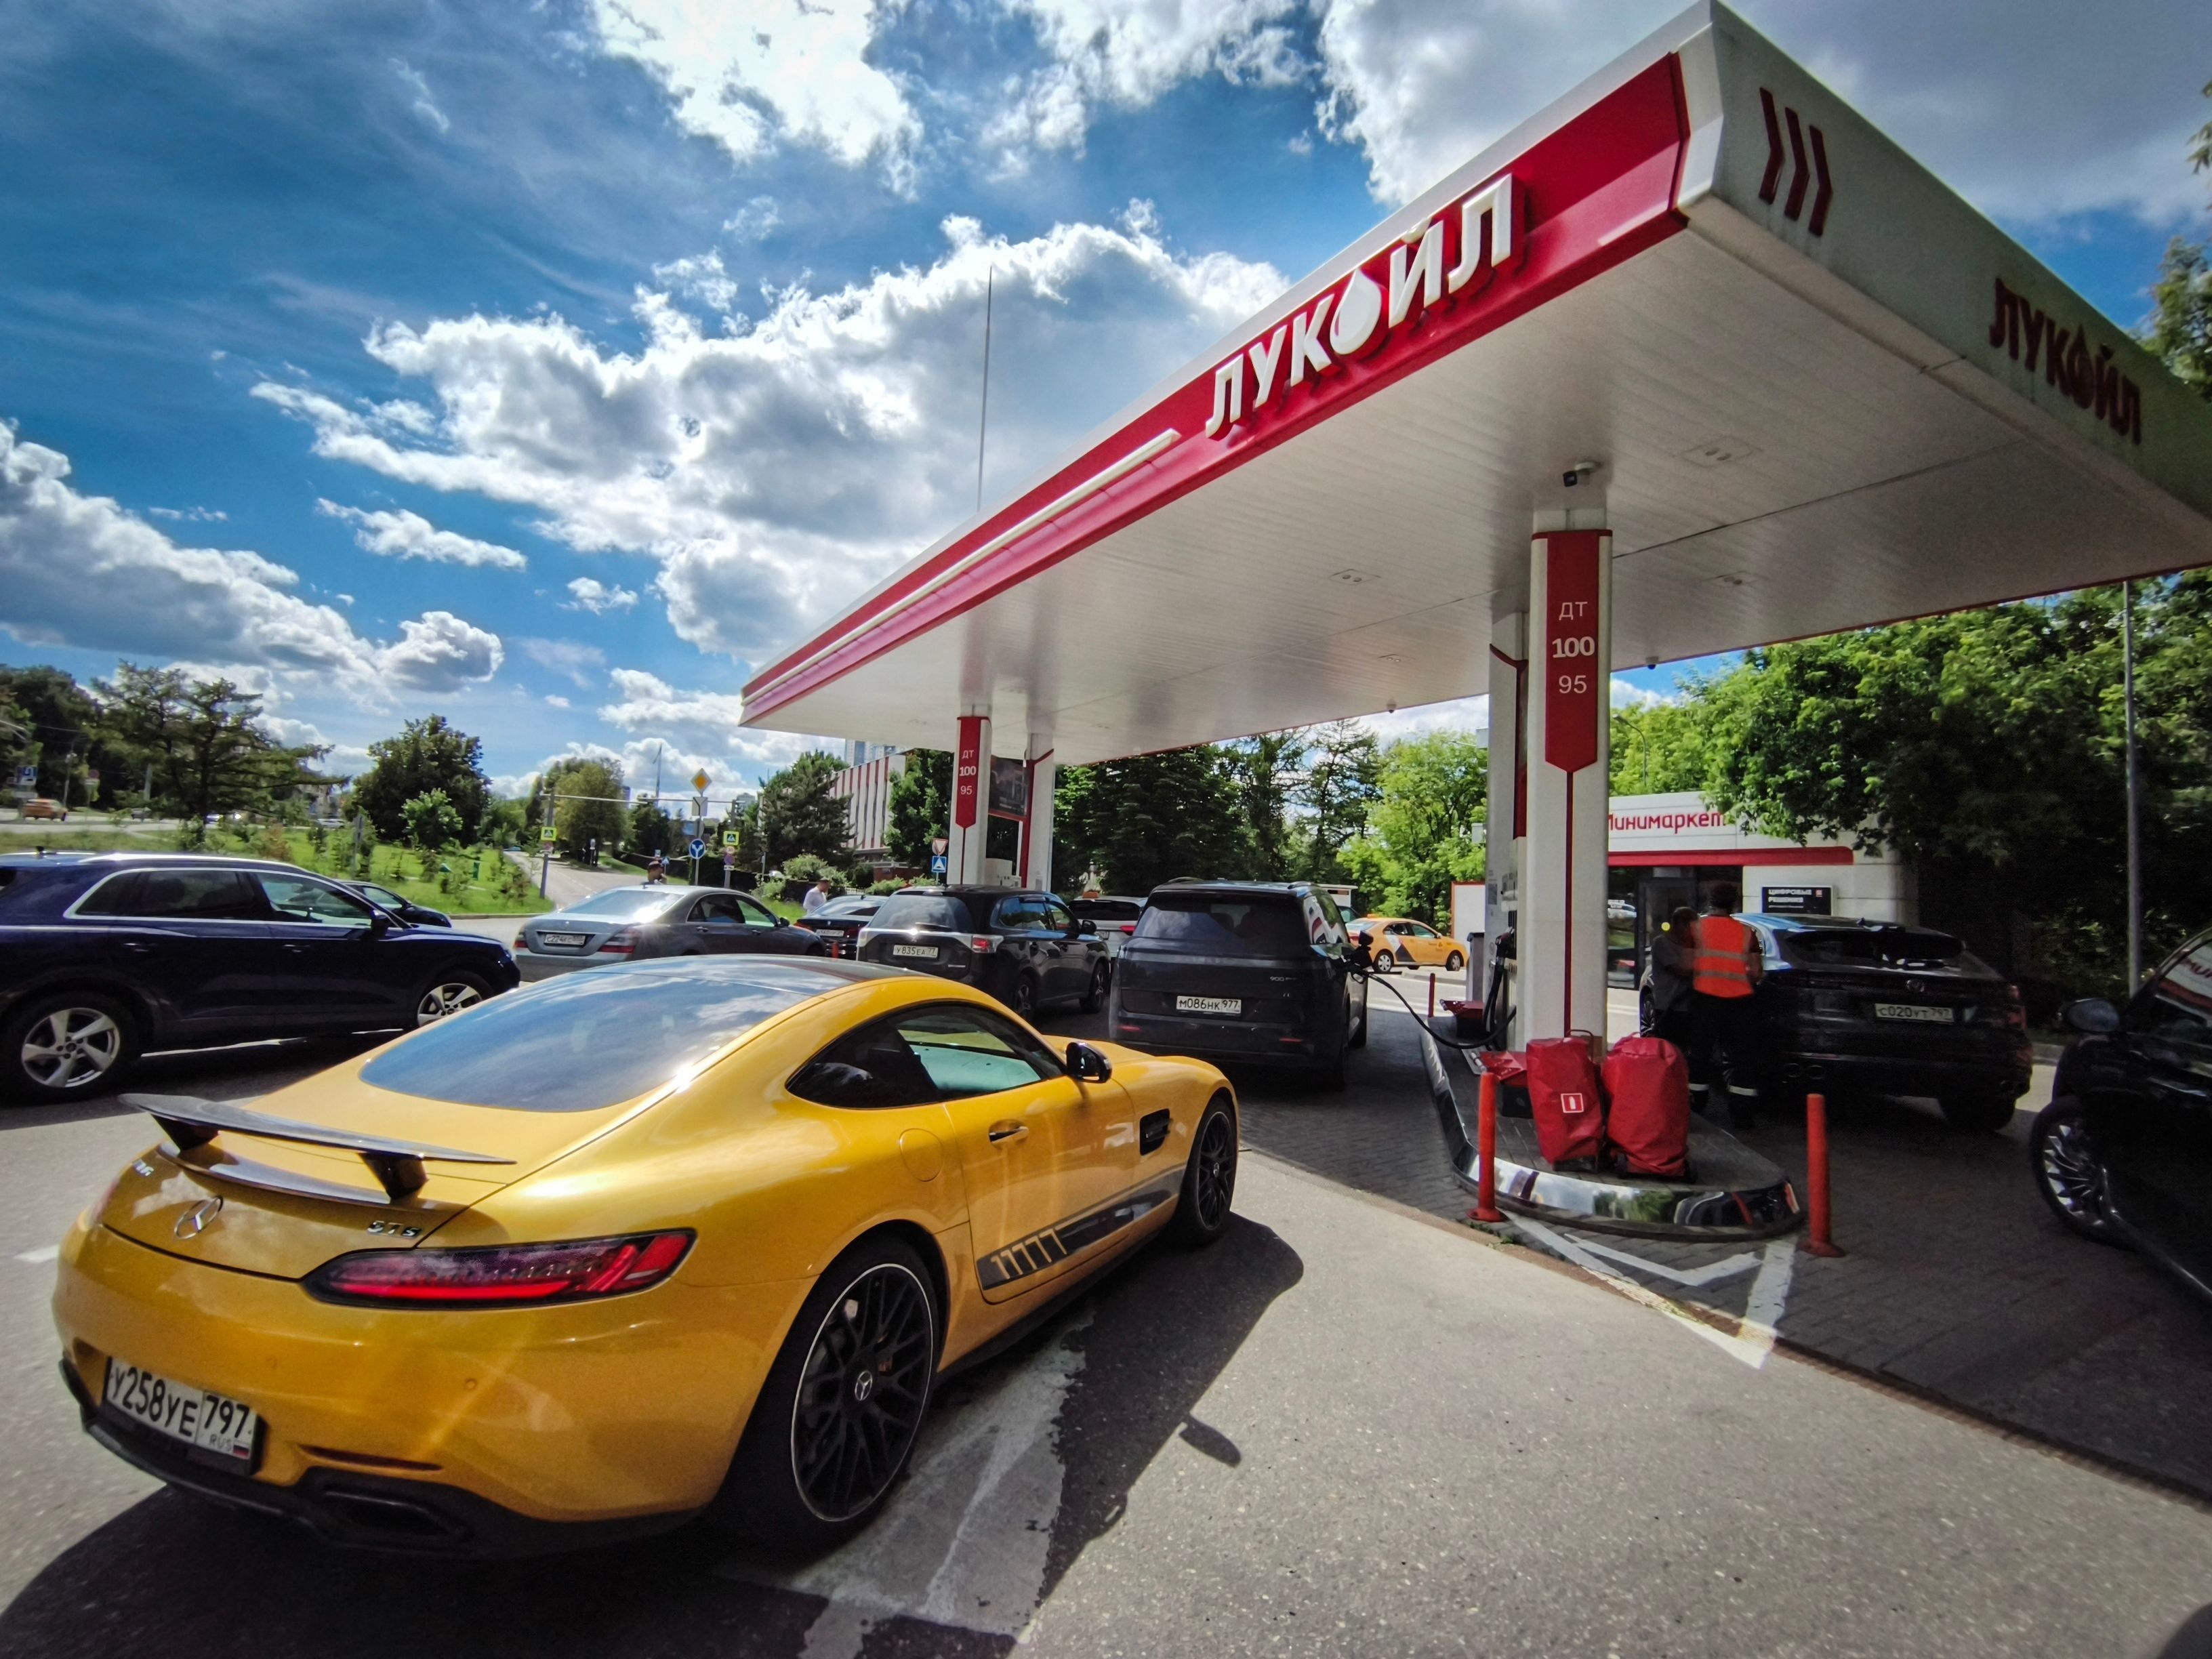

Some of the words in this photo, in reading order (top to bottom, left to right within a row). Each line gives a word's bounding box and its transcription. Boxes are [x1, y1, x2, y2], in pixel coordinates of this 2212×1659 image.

[1205, 173, 1512, 438] ЛУКОЙЛ
[1989, 278, 2142, 445] ЛУКОЙЛ
[1559, 601, 1588, 620] ДТ
[1552, 636, 1595, 658] 100
[1559, 675, 1587, 694] 95
[962, 749, 975, 759] ДТ
[959, 766, 977, 777] 100
[960, 785, 972, 796] 95
[209, 1433, 232, 1451] RUS
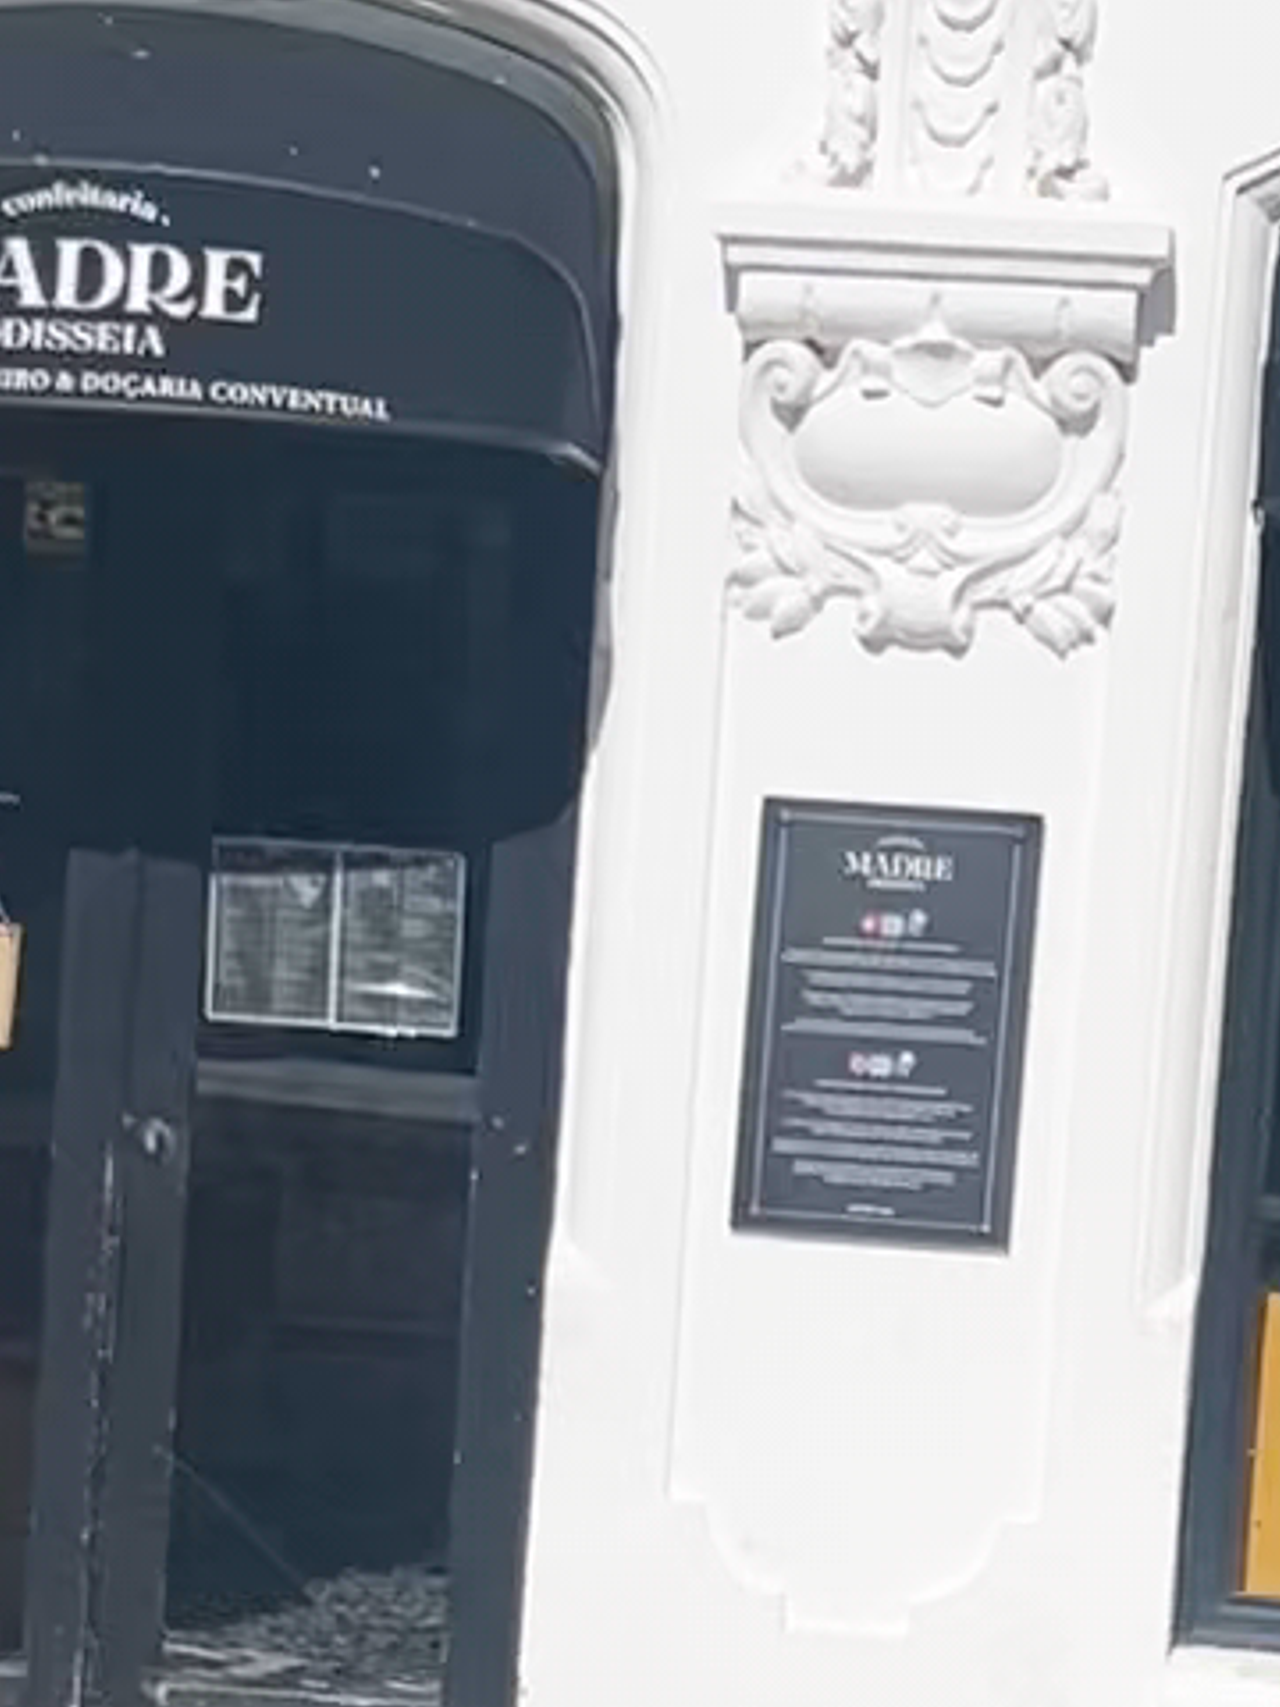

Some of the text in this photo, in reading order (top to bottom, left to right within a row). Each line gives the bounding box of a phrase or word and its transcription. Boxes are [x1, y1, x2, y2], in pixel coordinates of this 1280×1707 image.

# EXERCISE INSTRUCTIONS
Drop the pictures and give every line above again exactly.

# TASK ANSWER
Some of the words in this photo, in reading order (top to bottom, left to right within a row). Each line gives a word's bounding box and its transcription. Boxes are [x1, y1, x2, y2], in pixel coordinates of this 2212×1659 image.

[1205, 173, 1512, 438] ЛУКОЙЛ
[1989, 278, 2142, 445] ЛУКОЙЛ
[1559, 601, 1588, 620] ДТ
[1552, 636, 1595, 658] 100
[1559, 675, 1587, 694] 95
[962, 749, 975, 759] ДТ
[959, 766, 977, 777] 100
[960, 785, 972, 796] 95
[209, 1433, 232, 1451] RUS

Some of the text in this photo, in reading order (top to bottom, left to right within a row). Each line gives the bounding box of a phrase or word and its transcription. Boxes are [x1, y1, x2, y2], in pixel coordinates of this 1280×1707 image.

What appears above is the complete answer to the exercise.